Это случилось в воскресенье. И надо же: в следующее воскресенье вот так же мучилась родами и моя мать. Мучилась бедняжка, страдала, стонала от боли и кричала: «Матерь Божья! Матерь Божья!», но избавления не было. Отец все сидел во дворе, ни есть ни пить не мог от кручины. На Богородицу он был в обиде: суке Дзаферене-ханум стоило только раз крикнуть, и та сразу же примчалась на помощь, а тут вот тебе… На четвертый день отец не выдержал, взял хворостину и пошел в монастырь Богородицы Убиенной, да будет она к нам милостива! Пришел он туда, вошел в церковь, даже крестного знамения не сотворив, запер за собой дверь и стал прямо перед иконой. «Что ж это ты, Матерь Божья? Ты что, не знаешь: жена моя Марулья, которая каждую субботу приносит тебе масло и ставит свечку, жена моя Марулья вот уже три дня и три ночи родами мучается, а ты что ж – ее не слышишь? Видать, оглохла ты совсем. Если б это была какая-нибудь сука Дзаферена, грязная потаскуха турецкая, ты бы тут примчалась на помощь. А как зашла речь о христианке, о жене моей Марулье, так ты оглохла и ничего не слышишь!

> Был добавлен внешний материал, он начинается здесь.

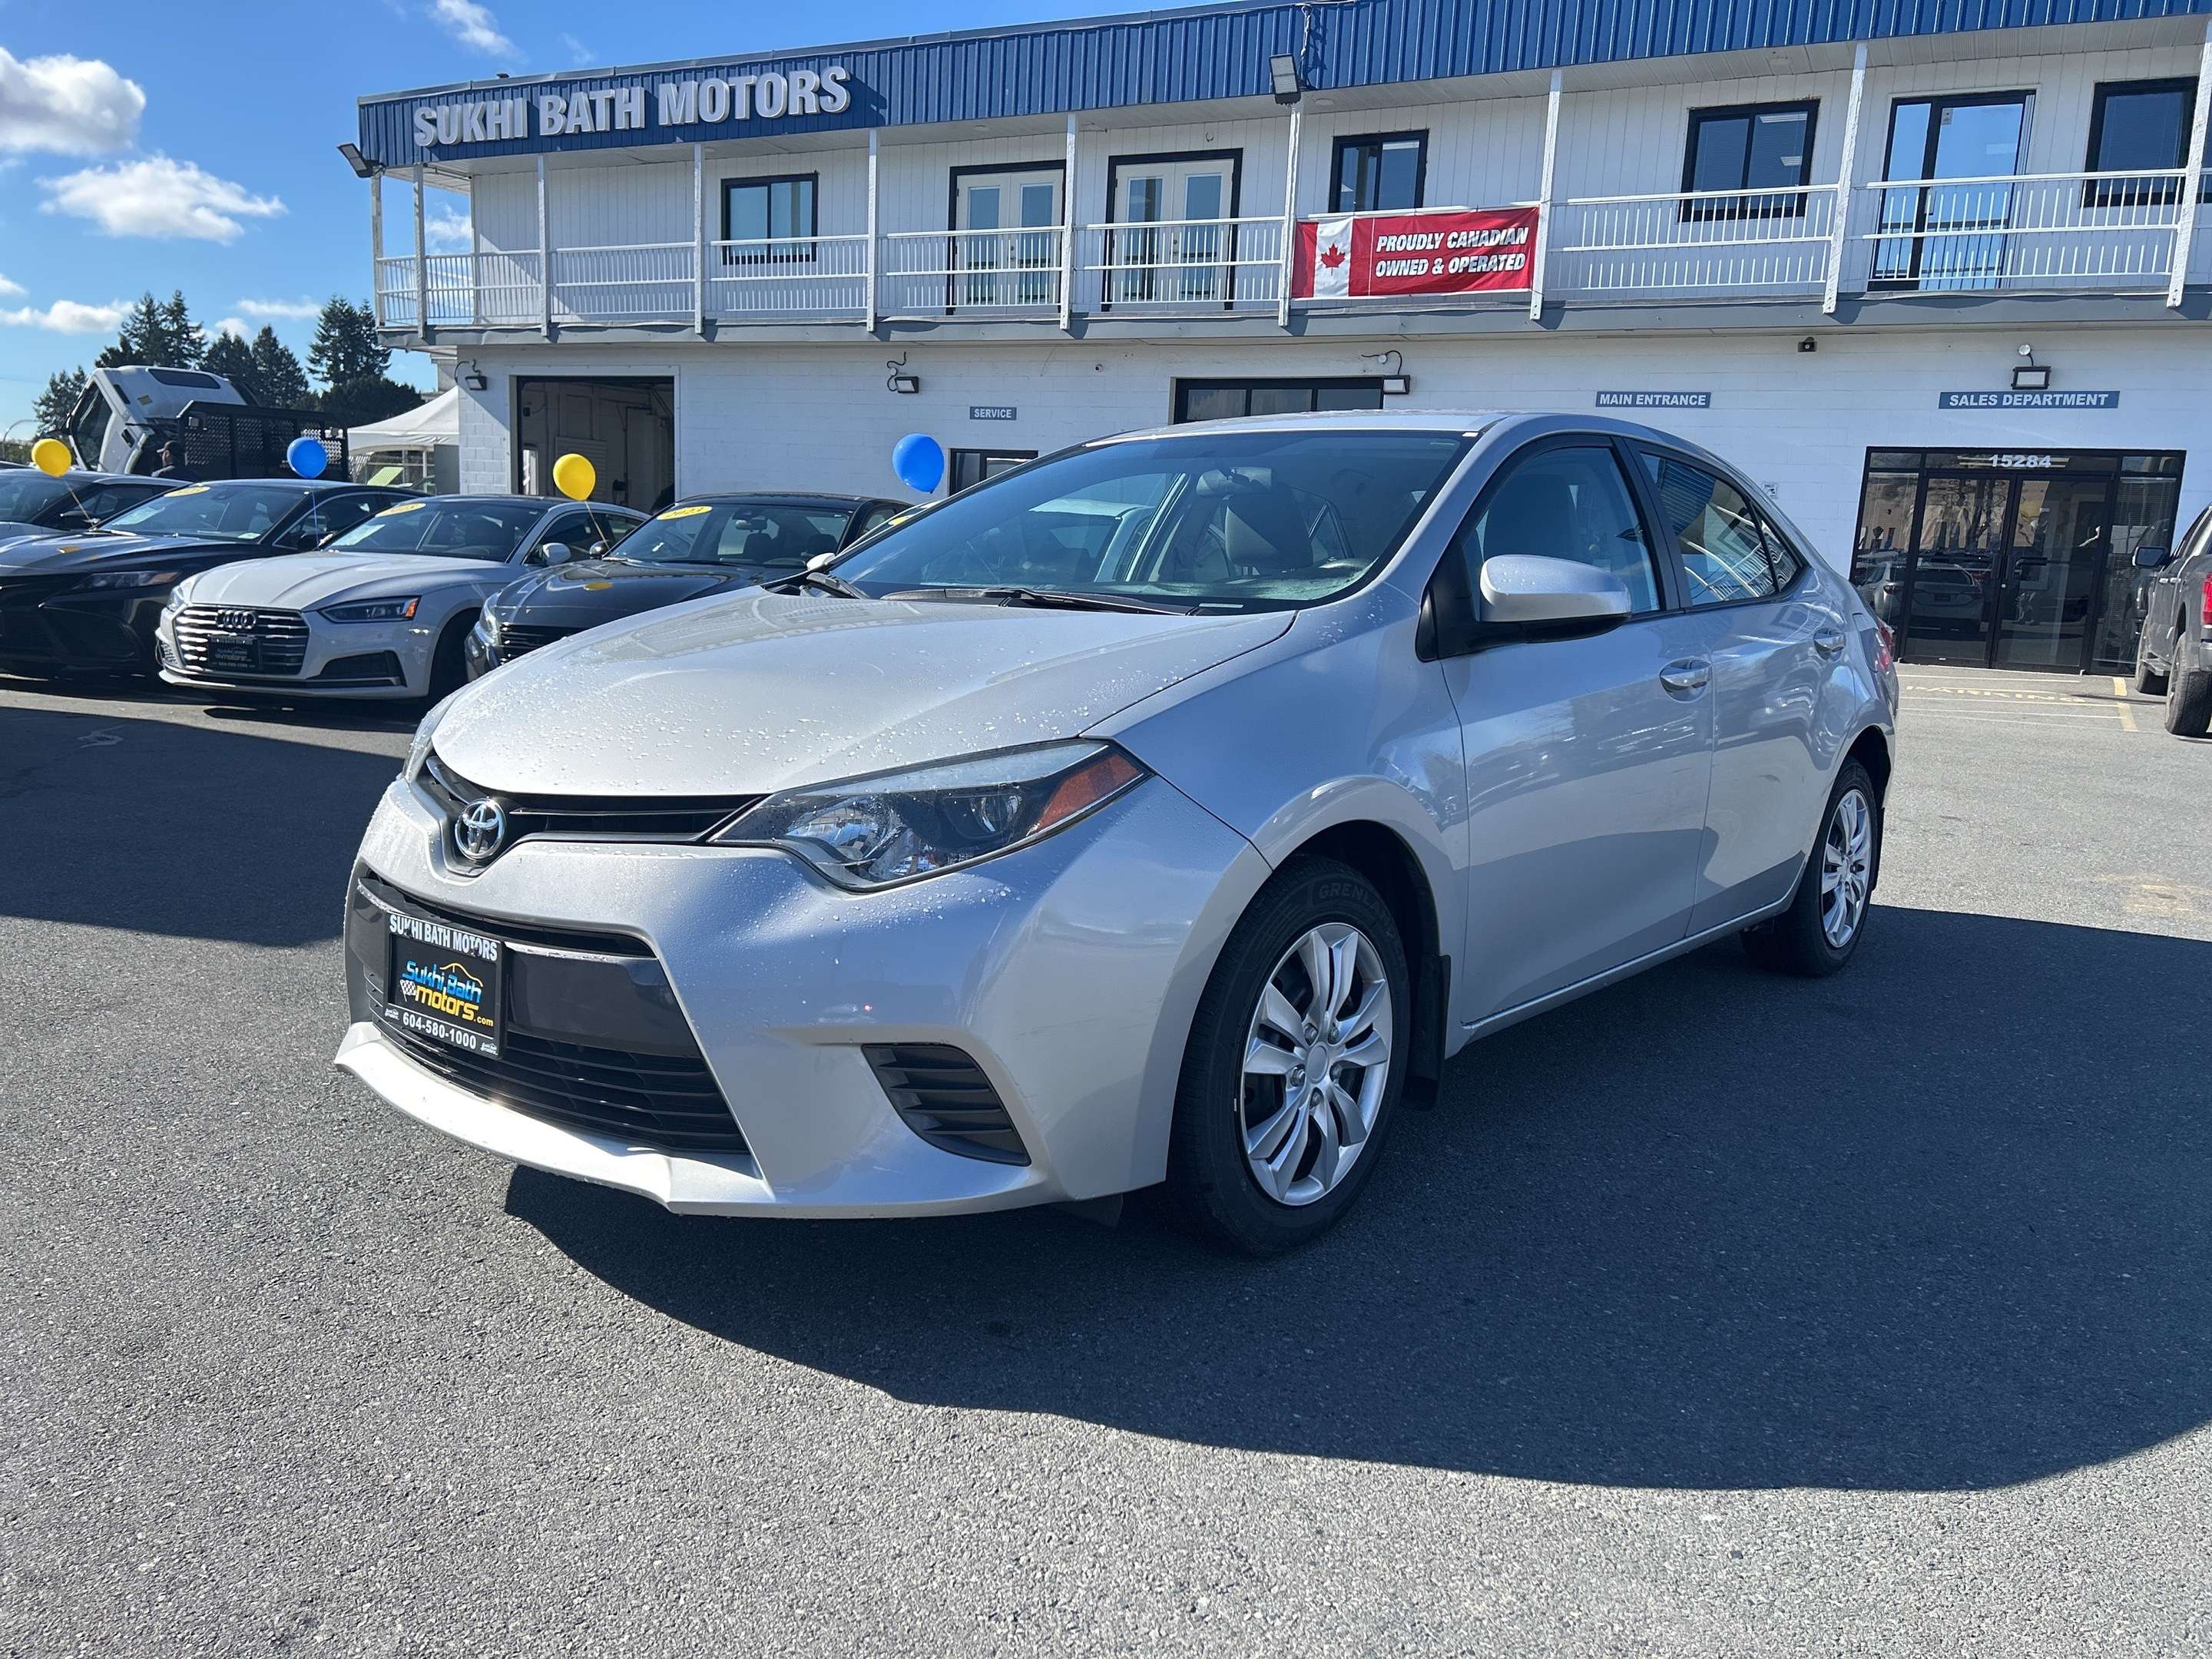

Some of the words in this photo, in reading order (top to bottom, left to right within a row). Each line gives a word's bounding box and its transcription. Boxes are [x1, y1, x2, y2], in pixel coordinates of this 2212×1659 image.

Если б не была ты Матерью Божьей, показал бы я тебе этой вот хворостиной!»
Сказал он так и уже повернулся было, чтобы уйти. Но тут – велик ты, Господи! – в ту самую минуту икона заскрипела, будто дала трещину. Так скрипят иконы, запомните, если про то еще не слыхали, так скрипят иконы, когда творят чудо. Отец это понял, повернулся, покаялся, перекрестился и воскликнул: «Грешен я, Матерь Божья, грешен! Забудь о том, что было сказано!»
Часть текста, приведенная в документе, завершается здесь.